Третьей женщиной, пострадавшей в ходе блистательной операции, стала медсестра больницы, где лежал Гиргенсон, Мария Юрьевна Мегорская (род. 1988). Она была сестрой милосердия с августа 1914 года, за участие в Брусиловском прорыве имела Георгиевскую медаль. У Витцель нашли её трогательную записку:
«Многоуважаемая Екатерина Сергеевна! Георгий Павлович благодарит Вас за посылку и очень просит принести ему винигрету и жареной картошки. Аппетит у него колоссальный, но есть казенный суп он не может его моментально рвет, черный хлеб он тоже не ест, потому что он отвратительный. Вчера он был сыт, а сегодня он буквально голодает. Вы были так любезны, что предложили пойти в театр, окажите это моей дочери и ея подруге».
Женщин отправили в Соловецкий концлагерь: Витцель и Мегорскую на 3 года, Шмидт на 2 года. Очевидно, что за Шмидт было кому хлопотать — очевидно, её отец пользовался был для большевиков «нужником». Шла продажа произведений искусства за границу, искусствоведы помогали в этом деле, так что через полтора года Магду отпустили с минус шестью — запретом проживания в нескольких городах.
Джемс Шмидт умер в 1933-м своей смертью, Магда к тому времени опять жила в Ленинграде у брата. В 1938-м брата расстреляли, его жену сослали в Оренбургскую область, Магда стала воспитывать племянниц, дочерей Герберта, одной было 5 лет, другой 9. В блокаду, в марте 1942 года, она решилась отравиться и отравить девочек, чтобы умереть не от мучений голодной смерти. Сама она, действительно, покончила с собой — и кто скажет, что это грех. А девочки яд пить не стали, попали в детдом и выжили.
Витцель и Мегорская после Соловков были сосланы в Узбекистан. Витцель смогла вернуться в Ленинград, она тут 20 лет работала в библиотеке Эрмитажа и умерла в 1982 году. Мегорская так и умерла в Самарканде, в богадельне при церкви. Её сын погиб на фронте, дочь умерла от голода в блокаду, зятя расстреляли в октябре 1941 года «свои». Внук и внучка выжили.

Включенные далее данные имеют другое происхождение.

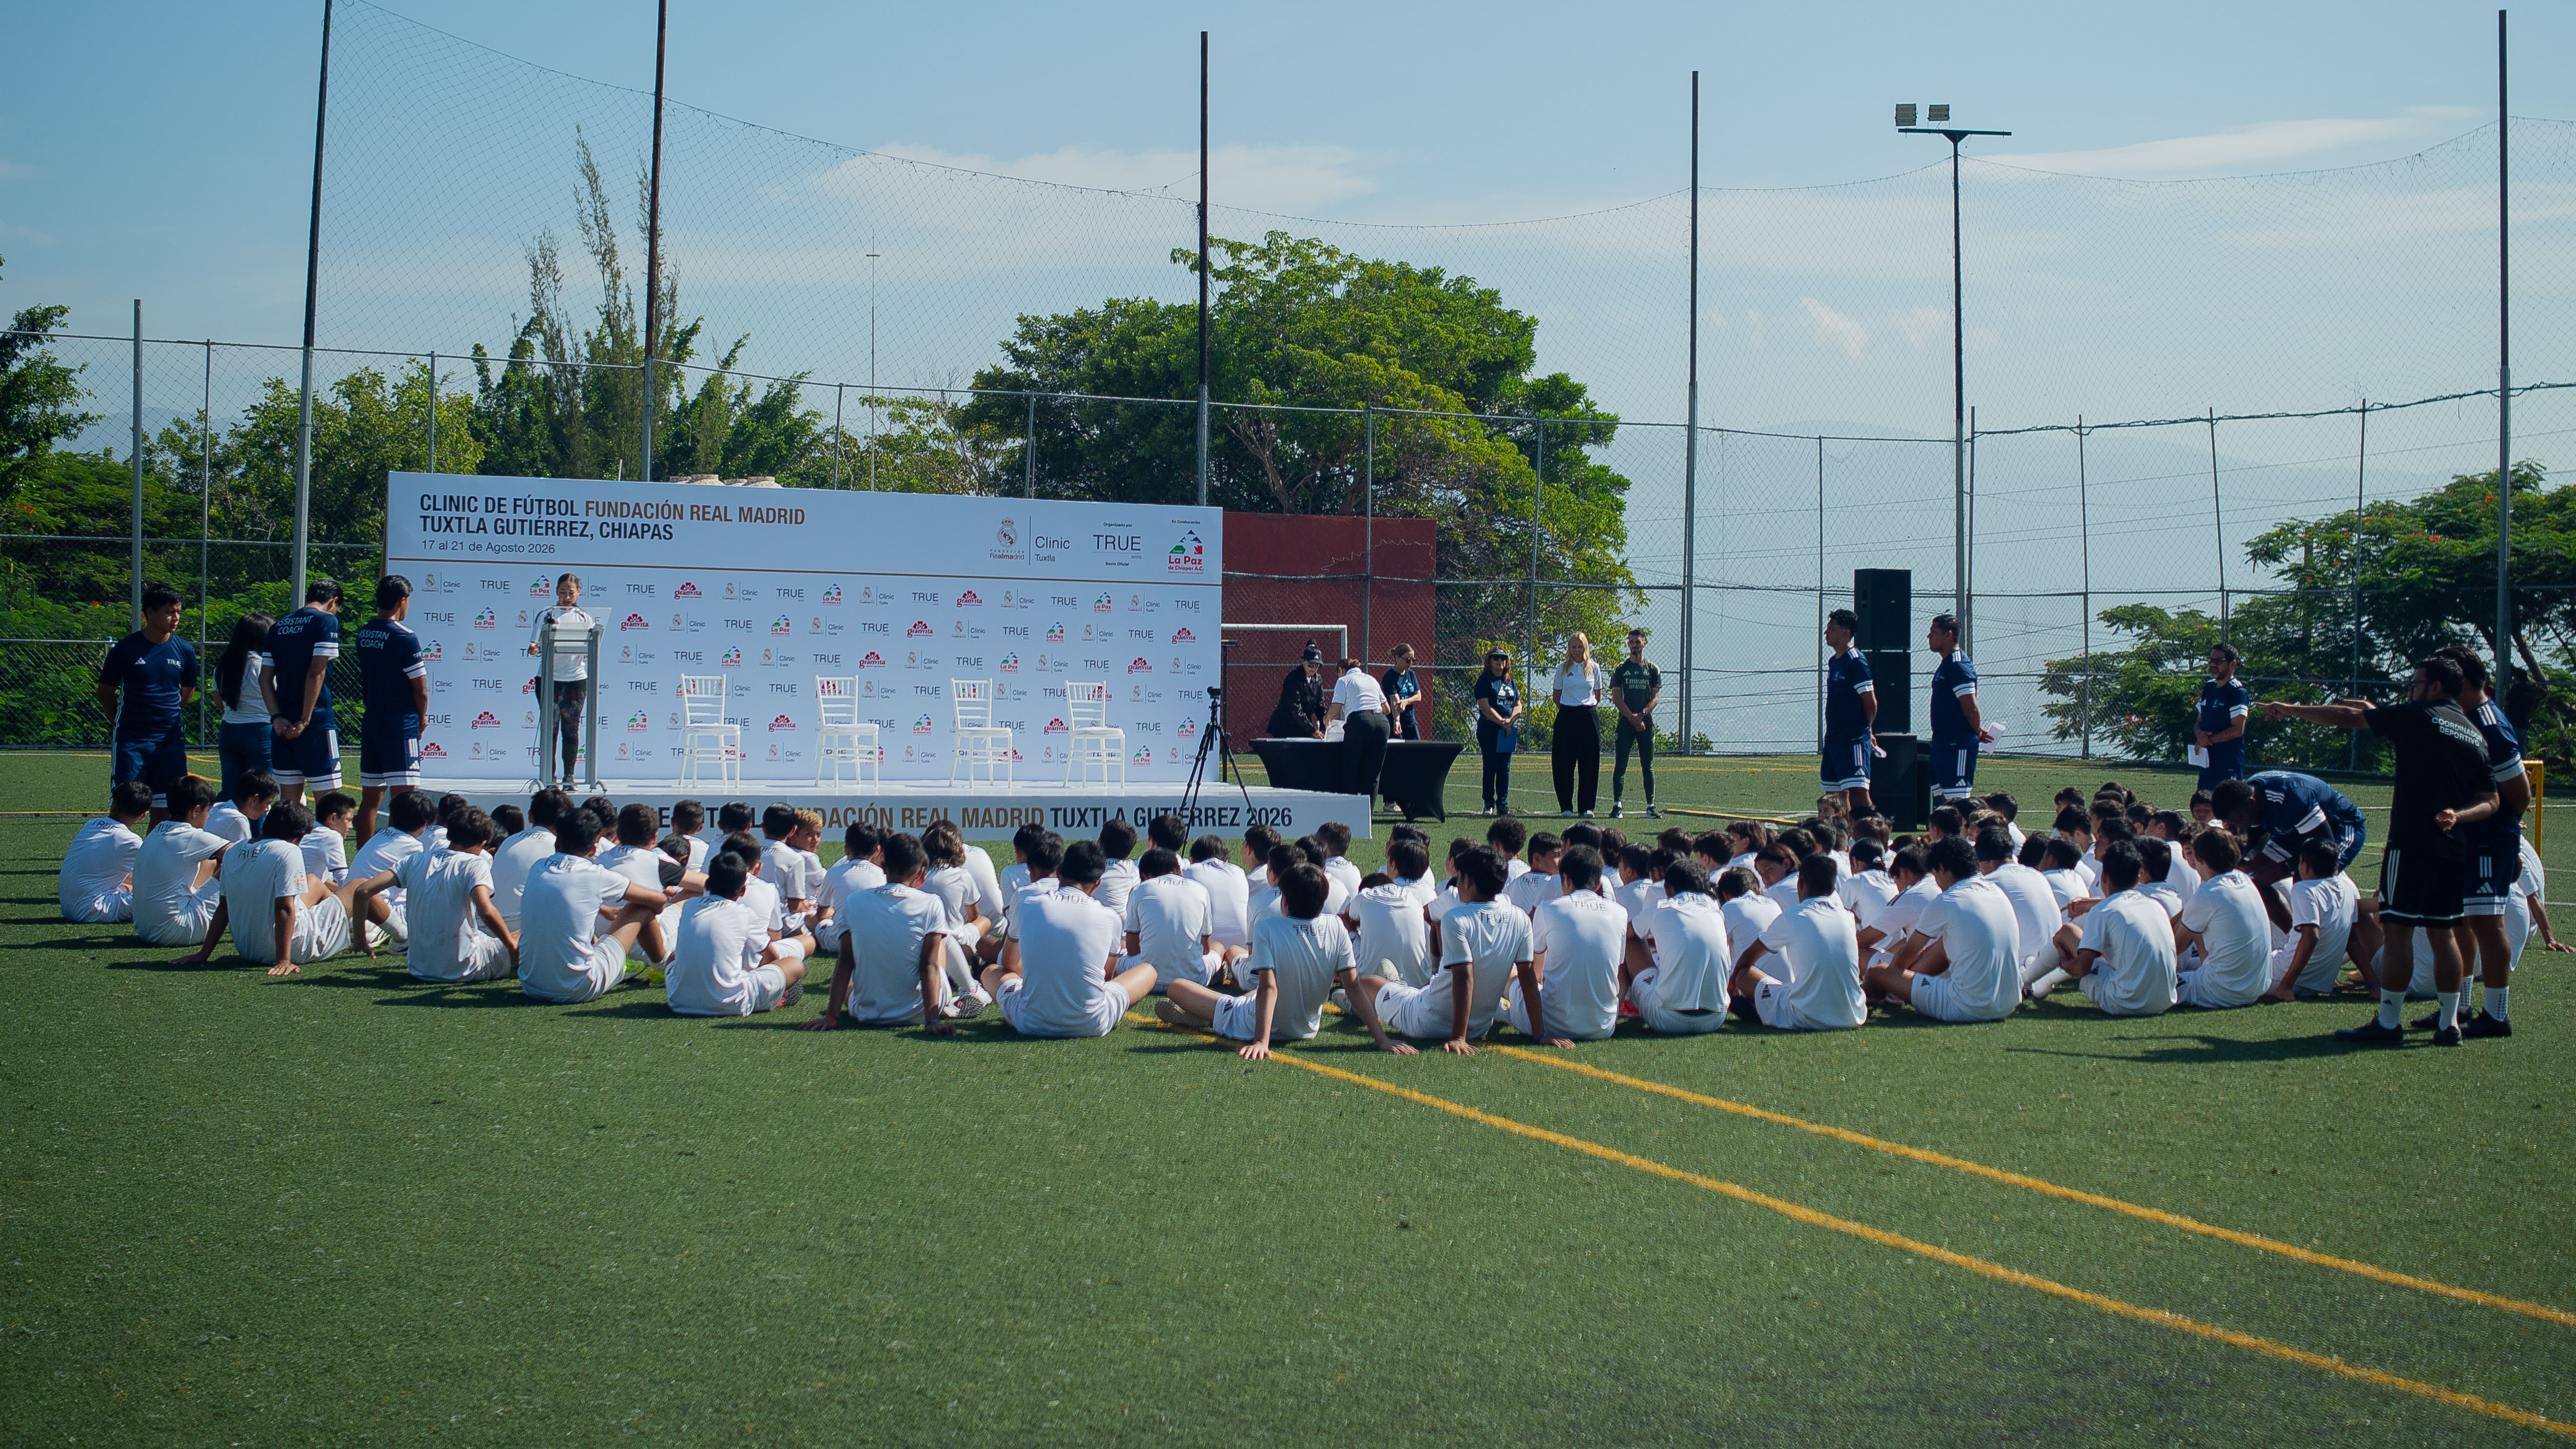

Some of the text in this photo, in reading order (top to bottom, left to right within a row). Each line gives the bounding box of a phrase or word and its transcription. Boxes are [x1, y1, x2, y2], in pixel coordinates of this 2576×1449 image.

Фон Гиргенсон, когда был в больнице, дал согласие сотрудничать с ГПУ. Но его не выпустили жить в Ленинграде, его послали в Новосибирск, дав задание подружиться с работниками консульства Германии в этом городе, который тогда ещё назывался Новониколаевск, и доносить на них. Ему дали должность заведующего иностранным отделом местного филиала Госбанка — на такой должности было много возможностей общаться с иностранцами, и доносы Гиргенсон писал регулярно. В 1930-м году его сделали заведующим отделом денежного обращения и поручили выявить среди коллег членов контрреволюционной организации. Несчастный не понял, он честно писал доносы о «неправильных» высказываниях коллег, а соврать, что они ещё и организацию создали, не догадался. Кончилось тем, что в 1937-м какой-то другой сексот догадался и сочинил «дело», заодно и Гиргенсона записал в члены к-р организации. Его приговорили к расстрелу, но потом отправили в концлагерь на 15 лет, и в концлагере он продолжил стучать — тем более, что лагерь был для интернированных, для российских немцев, а тут такая фамилия… Что с ним было после освобождения — неизвестно.
В 1934-м году Гиргенсон оказался героем фельетона в газете «Советская Сибирь». Фельетон крайне злобный («из-за конторского стола не видит живой жизни»), из тех, после которых сажали, но Георгия Павловича не посадили — всё-таки агент. Однако, по крайней мере одна фраза звучит как печальный приговор несчастному предателю:
«Уже почти потерял видимость человека и превратился в средне-статистическую величину».